Selanjutnya, pengelolaan TN Bunaken bukan lagi dibawah Sub BKSDA Sulawesi Utara. Sebab, telah dibentuk Unit Pelaksana Teknis (UPT) Balai TN Bunaken. Menurut Kepala Balai TN Bunaken Dominggus, peraturan zonasi itu mencakup, zona inti, zona pemulihan, zona rehabilitasi, zona pemanfaatan terbatas, zona pemanfaatan intensif, zona pendukung perairan, zona pendukung daratan dan zona penyangga.4
Zona inti, mutlak dilindungi. Didalamnya tidak diperbolehkan adanya perubahan apapun oleh aktivitas manusia. Kegiatan yang diperbolehkan hanya yang berhubungan dengan ilmu pengetahuan, pendidikan dan penelitian.
Zona pemanfaatan. Pada zona pemanfaatan di samping dapat dilakukan kegiatan yang berhubungan dengan ilmu pengetahuan, pendidikan dan penelitian, juga diperuntukan bagi pusat pengembangan pariwisata alam dan rekreasi.
Zona rehabilitasi dan zona pemulihan hanya untuk kegiatan penelitian dan pengembangan, serta pemulihan jenis tumbuhan dan satwa asli.
Zona pendukung perairan dapat dilakukan kegiatan pada butir a dan kegiatan wisata alam terbatas.
Zona pendukung daratan dapat dilakukan kegiatan pada butir a dan kegiatan wisata alam terbatas.
Zona pendukung umum dapat dilakukan kegiatan pada butir a, d dan e.
Kegiatan-kegiatan yang akan dilaksanakan pada kawasan Taman Nasional Bunaken harus mendapat izin Menteri Kehutanan c.q. Direktur Jenderal Perlindungan Hutan dan Pelestarian Alam, sesuai dengan peraturan perundangan yang berlaku.
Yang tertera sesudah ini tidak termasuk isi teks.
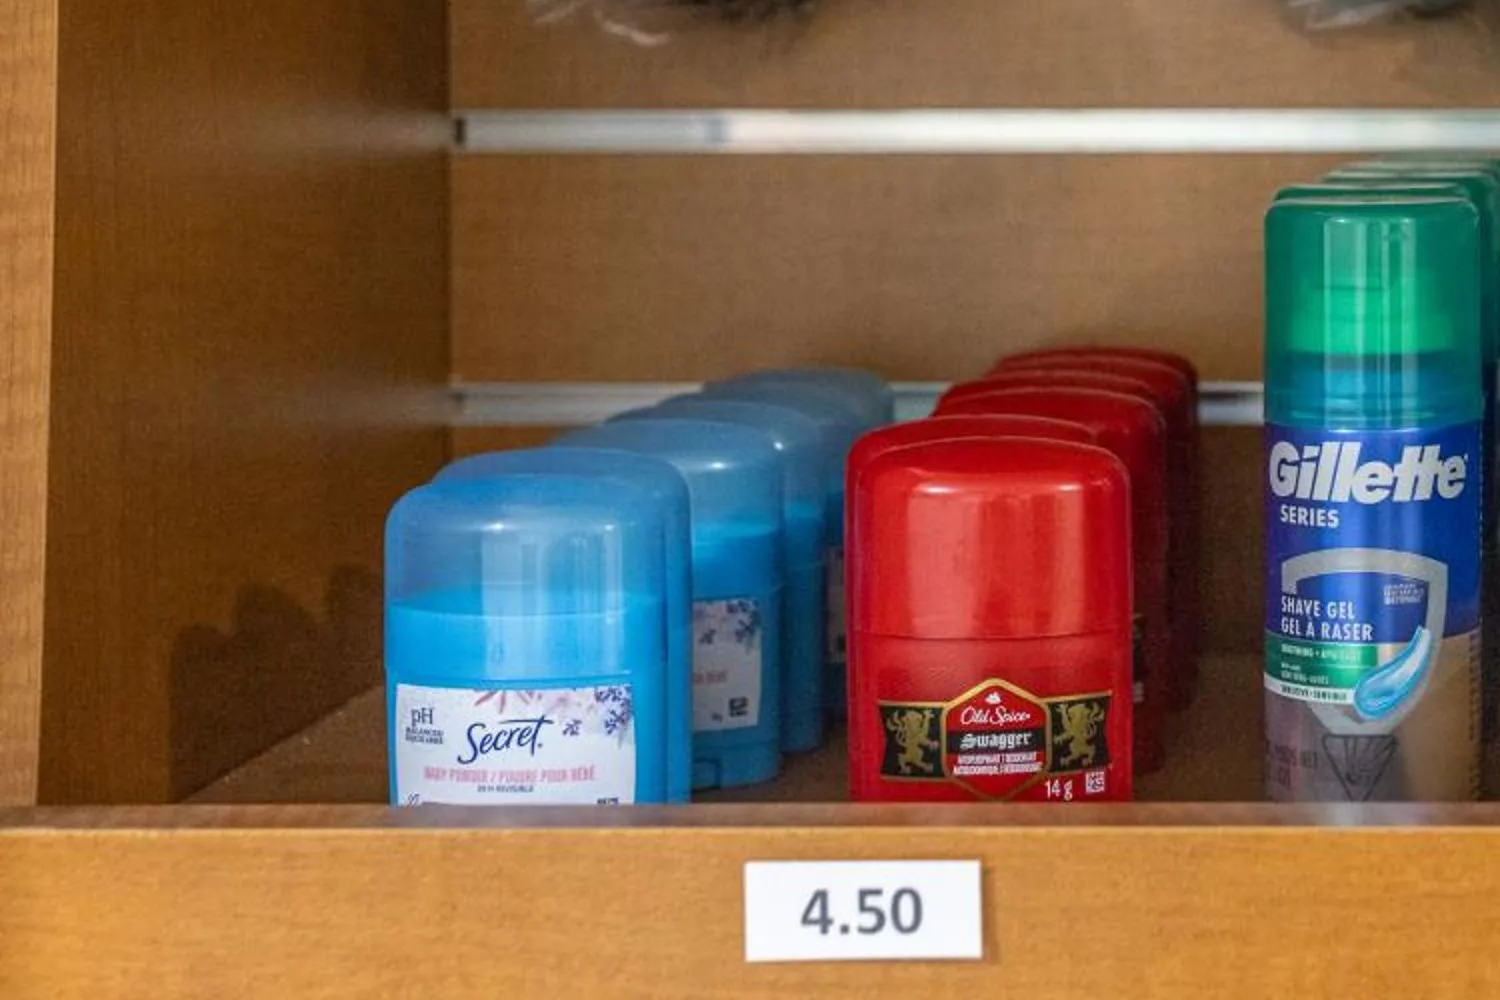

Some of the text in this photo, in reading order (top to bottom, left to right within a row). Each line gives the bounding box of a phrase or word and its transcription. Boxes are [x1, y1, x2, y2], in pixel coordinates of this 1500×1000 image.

[1269, 441, 1467, 504] Gillette
[1280, 505, 1340, 529] SERIES
[1281, 596, 1356, 620] SHAVE GEL
[1281, 618, 1301, 635] GEL
[1321, 623, 1373, 641] RASER
[411, 707, 434, 725] pH
[961, 706, 1028, 727] Old Spice
[457, 715, 554, 765] Secret
[961, 731, 1032, 750] Swagger
[1044, 780, 1060, 797] 14
[801, 887, 923, 935] 4.50
Bila dicermati dengan jeli, Peraturan zonasi yang telah ditelorkan Dirjen PHPA ini banyak merugikan rakyat di kawasan Taman Nasional Bunaken. Sebab, kegiatan-kegiatan di dalam zona-zona lebih mengedepankan kepentingan wisata dan rekreasi yang paling banyak dilakukan pihak luar kawasan. Zona pemanfaatan untuk rakyat praktis tidak disebutkan, selain hanya dapat menempati tanah di dalam kawasan. Hal ini bertolak belakang dengan penjelasan pada Buku III Rencana Tapak Pengelolaan Taman Nasional Bunaken (tahun 1996) yang menyebutkan bahwa zona pemanfaatan masyarakat sekitar 70 persen dari luas total kawasan sebagai jaminan kepentingan penduduk setempat.5

Sikap mendua yang ada dalam pengelolaan Taman Nasional Bunaken ini lalu dipertegas oleh Dominggus. Dalam laporan singkatnya, yang menjadi lampiran dalam surat kepada Dirjen Perlindungan dan Konservasi Alam (sebelumnya PHPA) Dominggus menghadapi dilema dalam menjalankan aturan lantaran terdapat dua sistem zonasi.6 Sistem pertama, berdasarkan rencana pengelolaan Taman Nasional Bunaken yang ditetapkan tahun 1996, dan sistem kedua berdasarkan SK Dirjen PHPA nomor 147/Kpts/DJ-VI/1997 tentang zonasi Taman Nasional Bunaken.
Catatan Bab 4

1 Dalam Program NRMP tahap pertama, kegiatan zonasi mulai fasilitasi bersama warga di kampung-kampung dan dengan pemanfaat lainnya. Dari sekitar 20 desa di dalam kawasan, telah dipilih desa-desa yang menjadi prioritas dikunjungi untuk belajar dan berkegiatan bersama. Hal ini dengan melihat (1) pola mencari nafkah, (2) sikap rakyat terhadap kawasannya, (3) jumlah penduduk, (4) kreativitas dalam menyambung hidup di kawasan yang terbatas, (5) potensi konflik yang terjadi di dalam desa. Selain itu, (6) kepadatan penduduk yang jumlahnya melebihi 1000 jiwa, (7) jumlah penduduk yang kurang dari 1000 jiwa, (8) kurang tersentuh program pemerintah, sementara di desa tetanggannya banyak dilaksanakan program pemerintah, (9) aktivitas masyarakat dulu dan sekarang, dan (10) mempunyai nilai konservasi tradisional, tetapi mulai luntur dengan perkembangan zaman.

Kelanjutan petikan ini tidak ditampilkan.